Tipsol: WHERE ARE MY FRIENDS?
Ra: .
Tipsol: Not this again. Ra, TELL ME!
Ra: Go and look.
Tipsol: Oh cool I can like float around! Weeeeeee! I'm swimming!
Ra: Good luck.
Tipsol: Don't ruin my groove! *glares* Weeeeeeee!
Ra: *cough* *pop*
Tipsol: Heehee!
Hurdor: Hoi, gurt 'ero!
Tipsol: Oh Hurdor you're alive!
Hurdor: Err no oi'm not! Oi'm a hallucination!
Tipsol: Um so like where's the real you?
Fake Hurdor: Go an' finds oi afore oi purish forever!
Tipsol: So where do I look?
Fake Hurdor: Follow ee riddle from other 'ero, an' don' think thart much fer it, burr no!
Tipsol: Um okieee…
Fake Hurdor: G'bye and gudd luk to ee! *pop*
Tipsol: Other hero, hmmm? That's it! Martin!
Martin: Hello, young Tipsol. You were looking for your friends?
Tipsol: Yes, Hurdor.
Martin: What about the poor mouse Petunia?
Tipsol: Um whatever.
Martin: SO, you're just leaving her behind?

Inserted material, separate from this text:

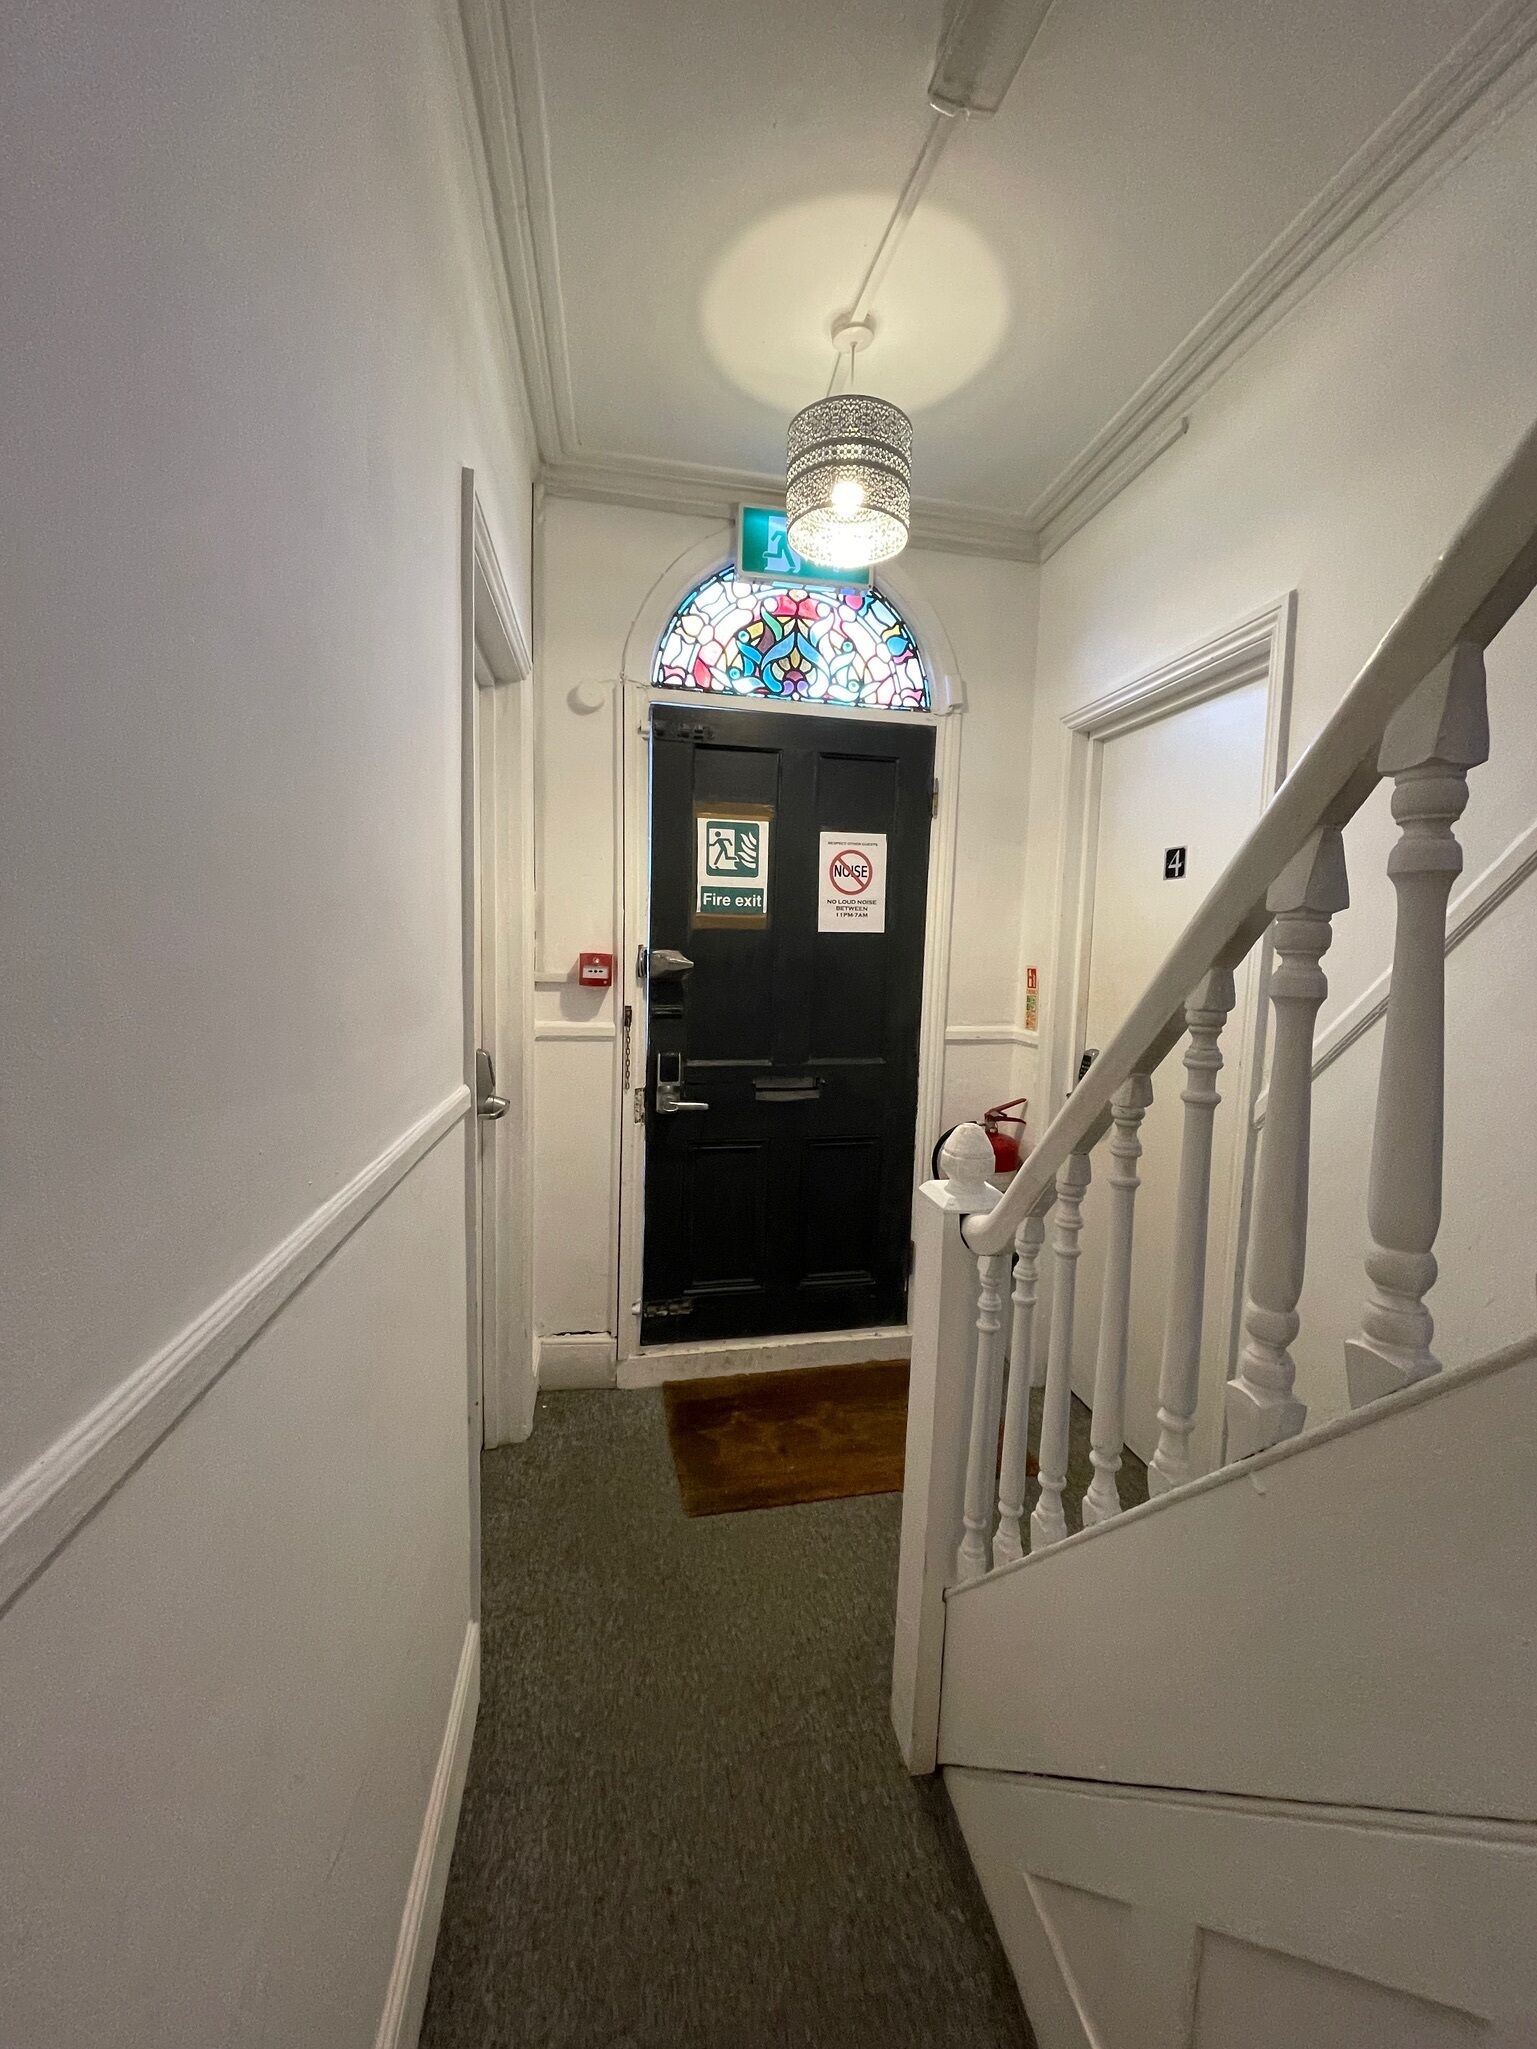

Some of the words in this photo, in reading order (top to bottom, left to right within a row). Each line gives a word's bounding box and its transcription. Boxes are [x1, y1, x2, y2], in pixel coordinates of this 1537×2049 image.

[1168, 850, 1182, 877] 4
[834, 865, 868, 878] NOISE
[703, 892, 731, 906] Fire
[735, 894, 762, 907] exit

Tipsol: It would take less time…
Martin: Well I happen to know the mouse Petunia is the lordess of the Afterlife and is worshipped by everyone over here. Even Ra. And she heard what you said. Goodbye.

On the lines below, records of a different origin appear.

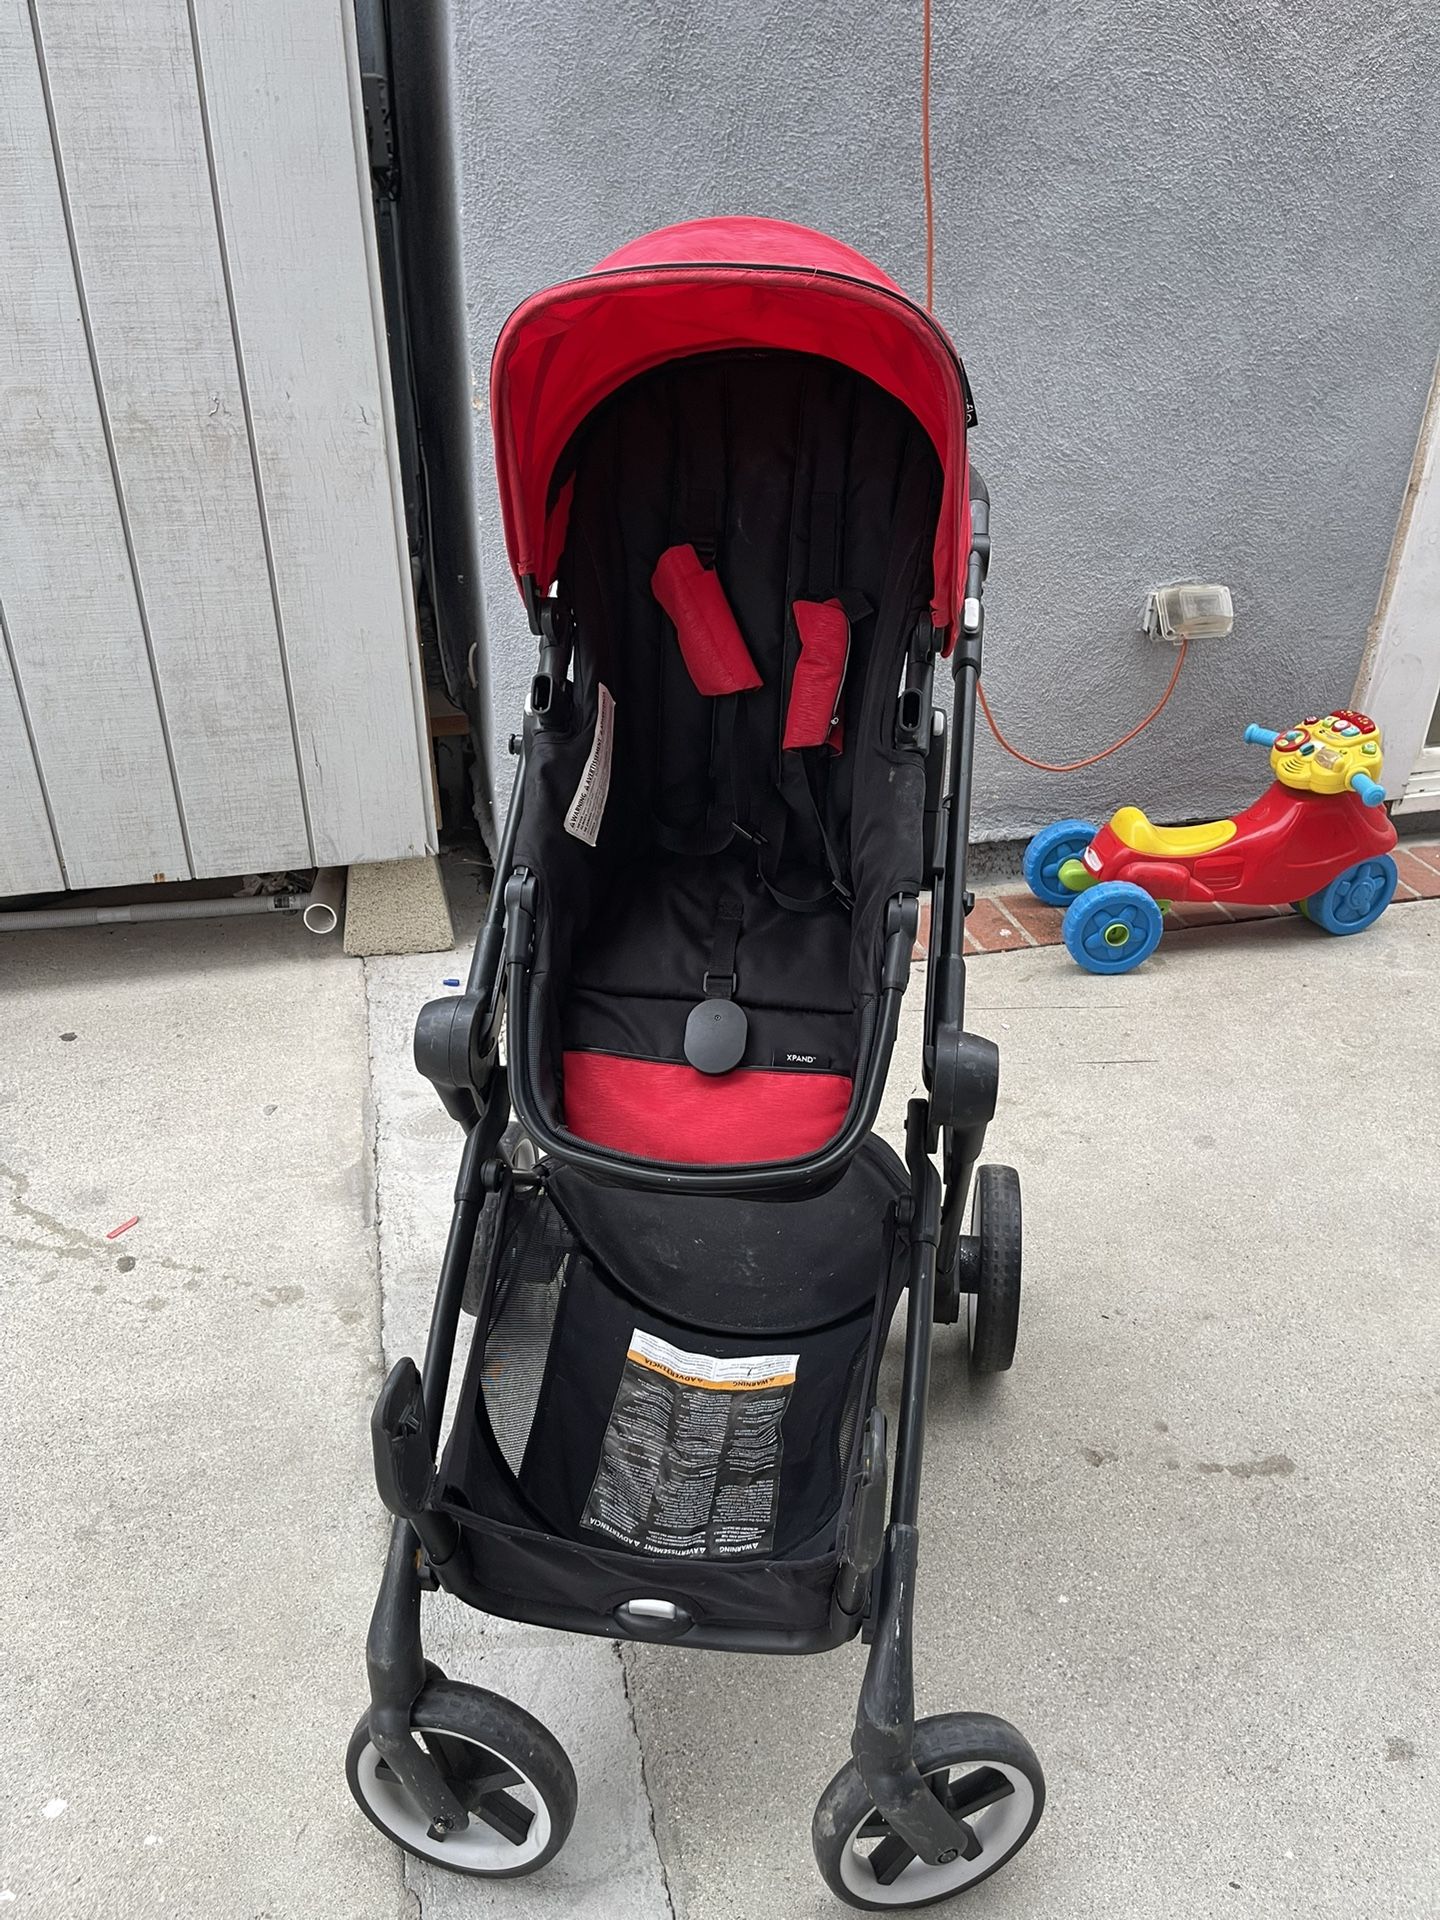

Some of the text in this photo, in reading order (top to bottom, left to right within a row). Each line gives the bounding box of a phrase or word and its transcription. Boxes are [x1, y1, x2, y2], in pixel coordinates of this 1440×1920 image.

[570, 793, 586, 822] WARNING
[644, 1357, 699, 1383] ADVERTENCIA
[732, 1380, 769, 1388] WARNING
[589, 1517, 634, 1545] ADVERTENCIA
[643, 1543, 699, 1556] AVERTISSEMENT
[719, 1543, 753, 1553] WARNING

Tipsol: No don't leave me!
Martin: Tough luck. *pop*
Petunia: Servants, carry me to the traitor! *afterlife people carry her to Tipsol* SO, planning to leave me behind, eh? And just how are you going to get out of here?
Tipsol: Martin.
Petunia: You rely too much on Martin! Blaaah, everyone her worships me, so you must revert!
Tipsol: *cough* Whatever.
Petunia: And what happened to the wot's?
Tipsol: It's hard speaking hare all the time.
Petunia: Oh, a lazy bum now are you?
Tipsol: Basically, wot!
Petunia: That's more like it.
Tipsol: I knew that were you like the goddess of the afterlife anyways so I didn't want to… bally disturb you and make you come back to the real world! Heh… yes, I was being ever so thoughtful as to leave you here where everyone worships you! … wot wot!
Petunia: DIE!
Tipsol: No no no!
Hurdor: Hoi, gurt hare-brained fernd!
Tipsol: Run Hurdor she's going to kill us! *runs away*
Hurdor: Oh no! Oi don't loiks this! *runs away*
Petunia: You can run but you can't hide!
Hurdor: Let's run noiw, else we get eatened!
Tipsol: *blink* Huh?
Hurdor: She's a cannibal mouse, she is, burr aye!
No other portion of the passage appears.